The United States military’s reputation and mission readiness are in free fall, and diversity, equity, and inclusion programs (DEI), which pervade the armed services, bear much of the blame. General Brown supports, promotes, and defends DEI passionately and unapologetically. Plunging enlistments, declining public trust and confidence in the highest echelons of command, lowering physical fitness and aptitude standards, and plummeting military power ratings are the result of these self-inflicted wounds. Just as saltwater tarnishes a sword, DEI erodes the fabric of trust, competence, and unit cohesion.

General Brown represents DEI in euphemistic terms that are palatable to the public and allude to fairness and equal opportunity. But DEI has deep Marxist roots based on critical theories, where merit is minimized, and power structures are based on identity, oppression, and racism. It is a stealth weapon devised by academics that breeds conformity of thought, marginalizes members of organizations solely due to superficial characteristics, and engenders favoritism. The Air Force faces a 2000 pilot deficit, but General Brown’s priority is not focused on this crucial concern but rather the racial and sexual distribution of the pilots he commands.

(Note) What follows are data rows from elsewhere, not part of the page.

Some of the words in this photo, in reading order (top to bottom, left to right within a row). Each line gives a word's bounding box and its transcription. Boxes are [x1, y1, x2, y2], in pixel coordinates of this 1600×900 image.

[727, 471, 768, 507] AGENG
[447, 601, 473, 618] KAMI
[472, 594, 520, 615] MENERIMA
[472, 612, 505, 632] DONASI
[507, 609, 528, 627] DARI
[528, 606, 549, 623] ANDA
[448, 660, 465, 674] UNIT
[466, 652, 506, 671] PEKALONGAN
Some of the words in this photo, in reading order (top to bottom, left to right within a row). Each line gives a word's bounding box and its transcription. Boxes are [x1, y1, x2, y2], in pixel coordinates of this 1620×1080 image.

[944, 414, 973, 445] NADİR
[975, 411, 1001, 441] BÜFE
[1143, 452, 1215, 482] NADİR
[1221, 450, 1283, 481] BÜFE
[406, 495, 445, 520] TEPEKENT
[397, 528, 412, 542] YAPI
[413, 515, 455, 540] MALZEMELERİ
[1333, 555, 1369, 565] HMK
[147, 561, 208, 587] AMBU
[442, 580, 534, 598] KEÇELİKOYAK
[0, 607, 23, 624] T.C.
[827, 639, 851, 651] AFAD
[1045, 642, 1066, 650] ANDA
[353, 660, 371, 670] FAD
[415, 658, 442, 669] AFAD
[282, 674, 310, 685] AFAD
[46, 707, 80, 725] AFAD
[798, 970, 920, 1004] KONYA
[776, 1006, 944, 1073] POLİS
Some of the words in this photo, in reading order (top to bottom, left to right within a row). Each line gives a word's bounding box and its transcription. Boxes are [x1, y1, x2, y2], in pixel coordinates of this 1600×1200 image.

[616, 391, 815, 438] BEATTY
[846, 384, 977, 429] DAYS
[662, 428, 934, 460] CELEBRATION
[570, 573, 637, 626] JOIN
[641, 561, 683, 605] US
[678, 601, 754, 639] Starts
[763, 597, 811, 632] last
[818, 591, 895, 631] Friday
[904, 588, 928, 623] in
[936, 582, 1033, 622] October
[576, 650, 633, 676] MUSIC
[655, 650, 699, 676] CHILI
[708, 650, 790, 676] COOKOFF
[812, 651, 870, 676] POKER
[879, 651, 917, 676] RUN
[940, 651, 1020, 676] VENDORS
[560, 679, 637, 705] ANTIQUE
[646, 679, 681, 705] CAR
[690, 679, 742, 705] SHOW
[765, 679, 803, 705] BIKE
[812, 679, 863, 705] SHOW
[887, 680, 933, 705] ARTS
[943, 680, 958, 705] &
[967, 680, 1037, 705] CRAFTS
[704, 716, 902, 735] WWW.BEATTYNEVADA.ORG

His unwavering support of identity-based quotas and DEI imperatives is sufficient to justify and rationalize the purge of the depleted pilot corps of competent aviators that is composed of too many white males.

“Treat your men as you would your own beloved sons. And they will follow you into the deepest valley.”  – Sun Tzu

With deep divisions within the military and the uncertainty of its ability to defend the country, General Brown’s leadership style comes into question. An effective leader cannot adhere to an ideology that denigrates many of those under one’s command. Leadership embodies Eisenhower’s humility as it relates to blood and sacrifice, the qualities imbued in Shakespeare’s St. Crispin’s Day Speech, and Chiang Kai-Shek’s testimony to morale and spirit.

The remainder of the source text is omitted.